Le phénomène de filiation peut fausser les mesures et il doit être pris en compte. Dans nos mesures tests, ce phénomène est apparu pour la production du 57Co qui est produit directement lors de l’interaction du faisceau avec la cible de natNi mais qui est aussi alimenté de manière indirecte par la décroissance du 57Ni.

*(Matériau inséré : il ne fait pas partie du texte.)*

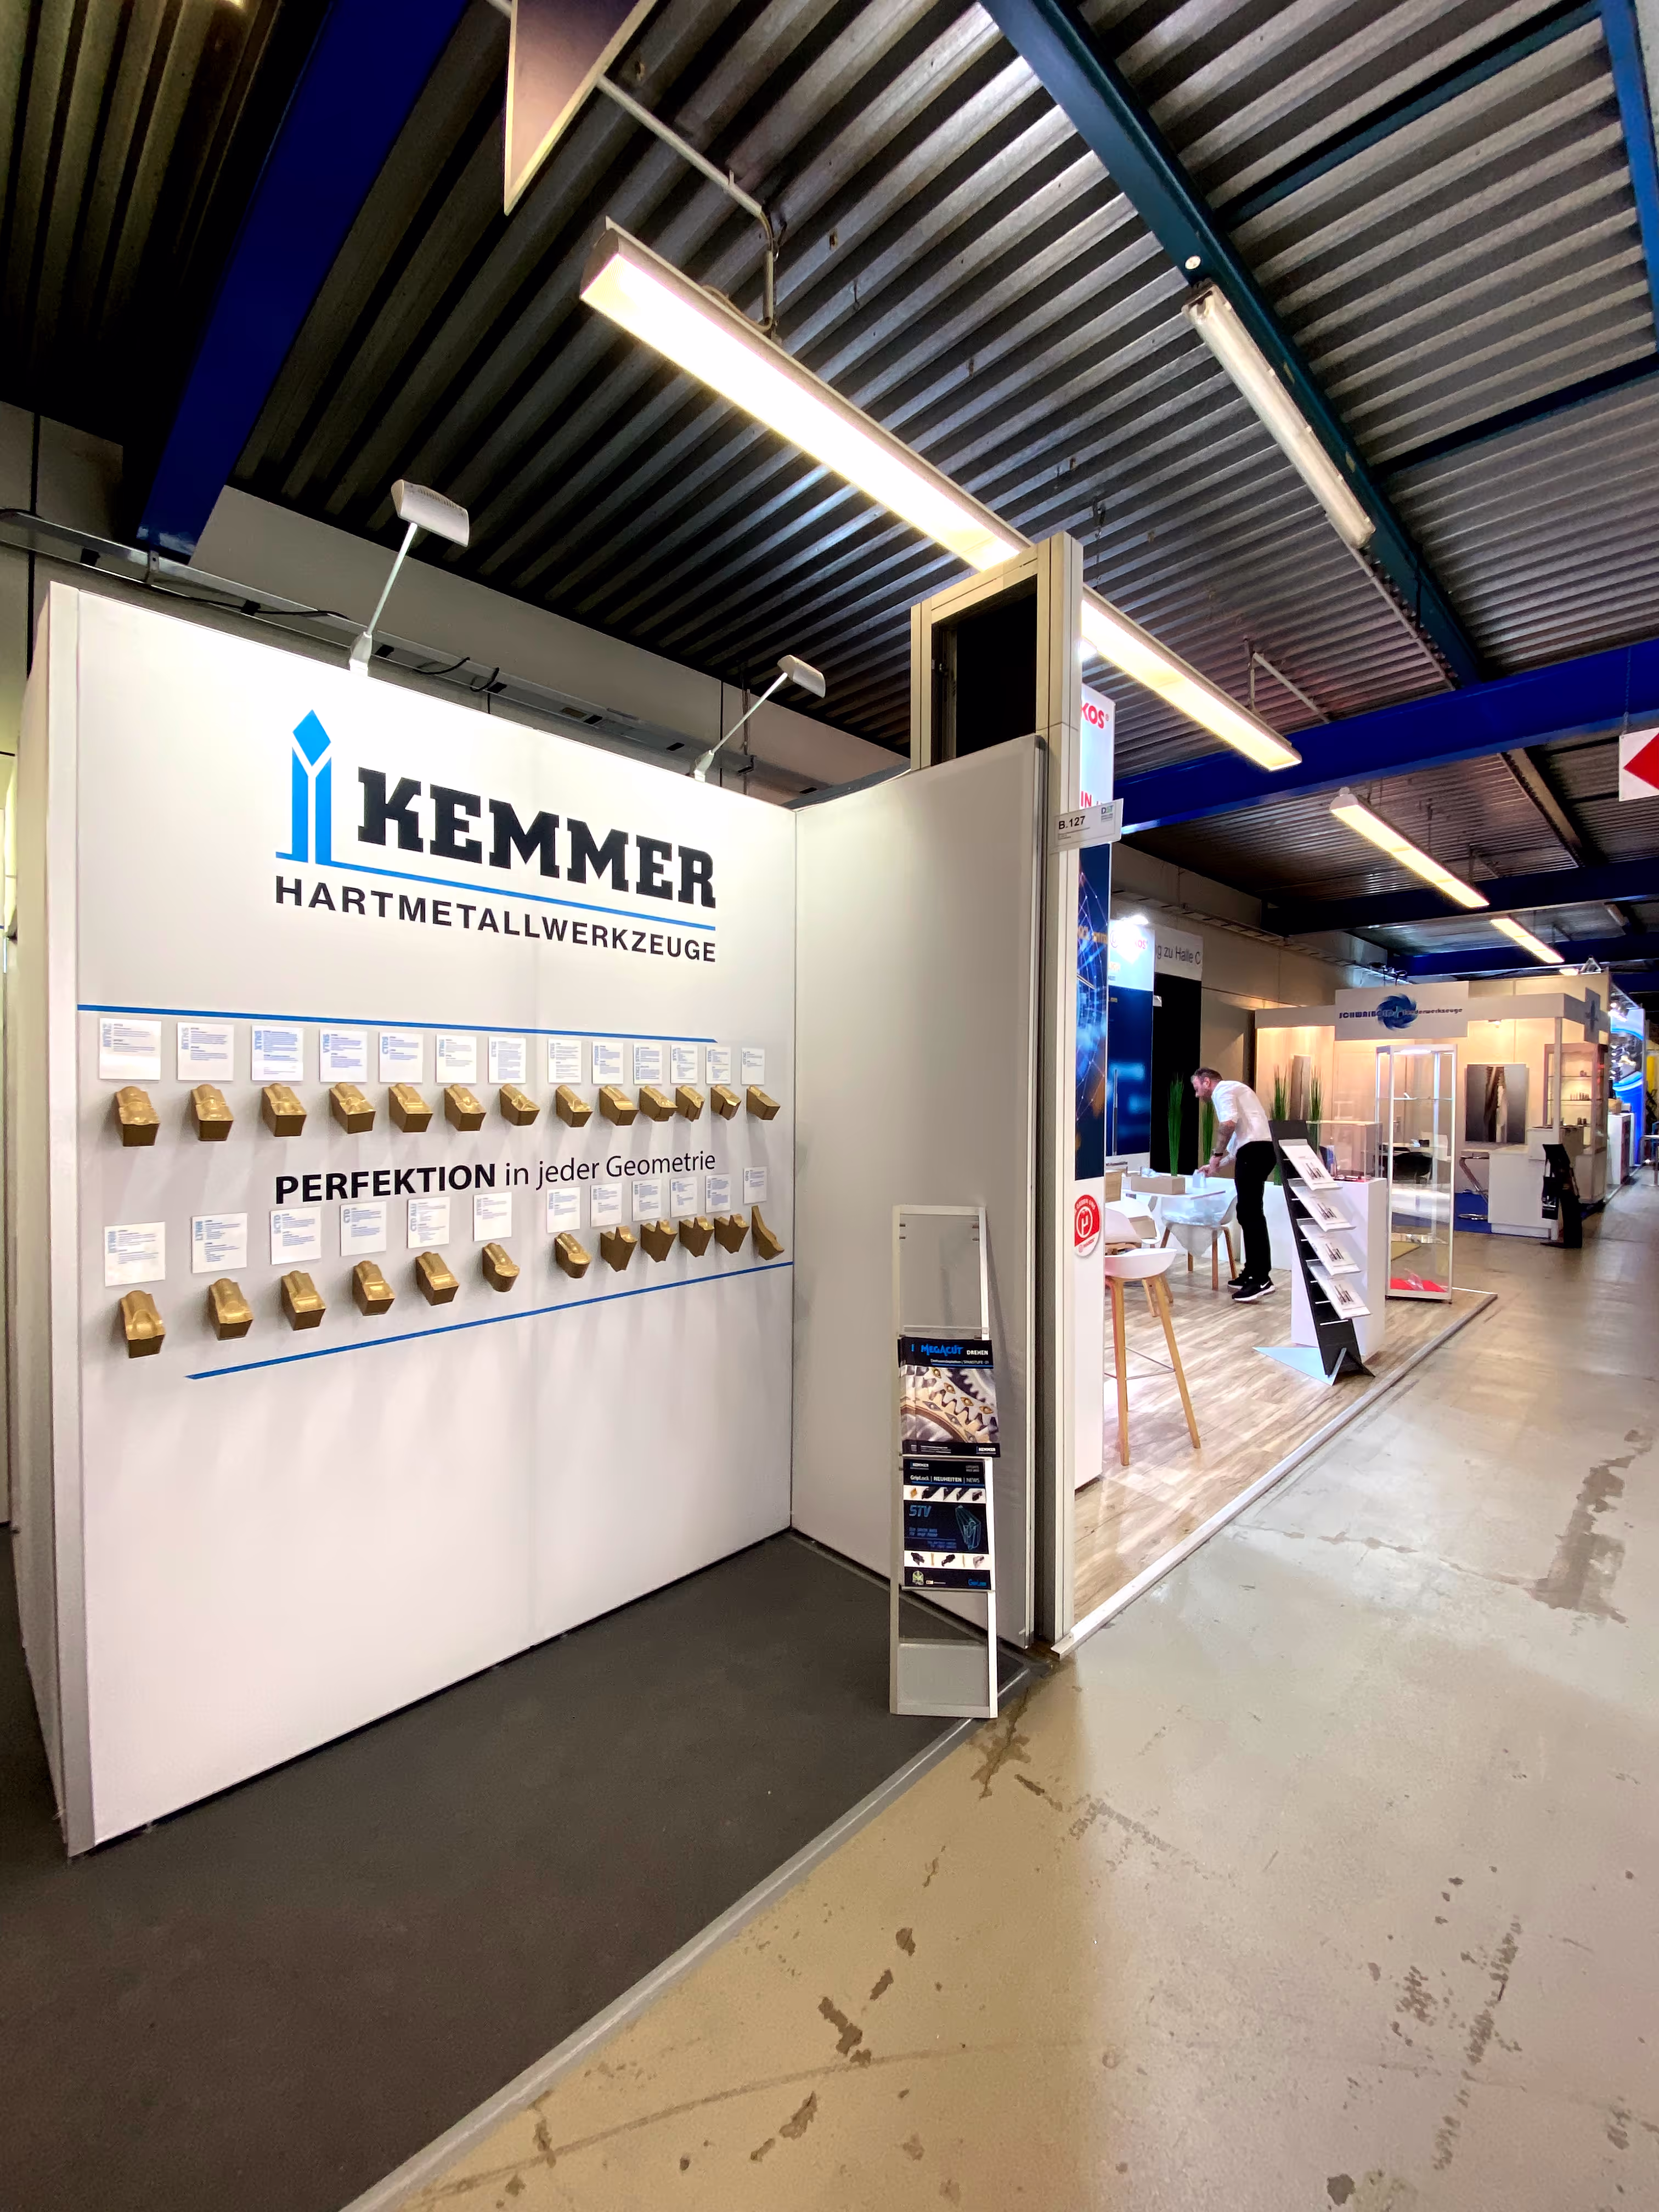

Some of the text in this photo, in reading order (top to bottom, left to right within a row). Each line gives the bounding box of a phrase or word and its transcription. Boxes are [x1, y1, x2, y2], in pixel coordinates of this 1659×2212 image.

Les effets de décroissance sont aussi pris en compte de manière à remonter aux activités à la fin du tir (EOB- end of beam). Cela comprend aussi la décroissance pendant le temps de mesure.

Lors de ces expériences tests [Gar2010], nous avons obtenu des valeurs de sections efficaces pour 21 réactions, 12 dans le Nickel (natNi(p,x)-> 48Cr, 51Cr, 52Fe, 52Mn, 54Mn, 55Co, 56Co, 57Co, 58Co, 60Co, 56Ni et 61Cu) et 9 dans le Titane (natTi(p,x) -> 42K, 43K, 43Sc, 44Sc, 44mSc, 46Sc, 47Sc, 48Sc et 48V ). Sur les figures II-34 et II-35, on a représenté quelques-uns de ces résultats (points rouges) superposés sur les données expérimentales [csisrs] quand elles existent. Les valeurs mesurées sont en bon accord avec les données existantes.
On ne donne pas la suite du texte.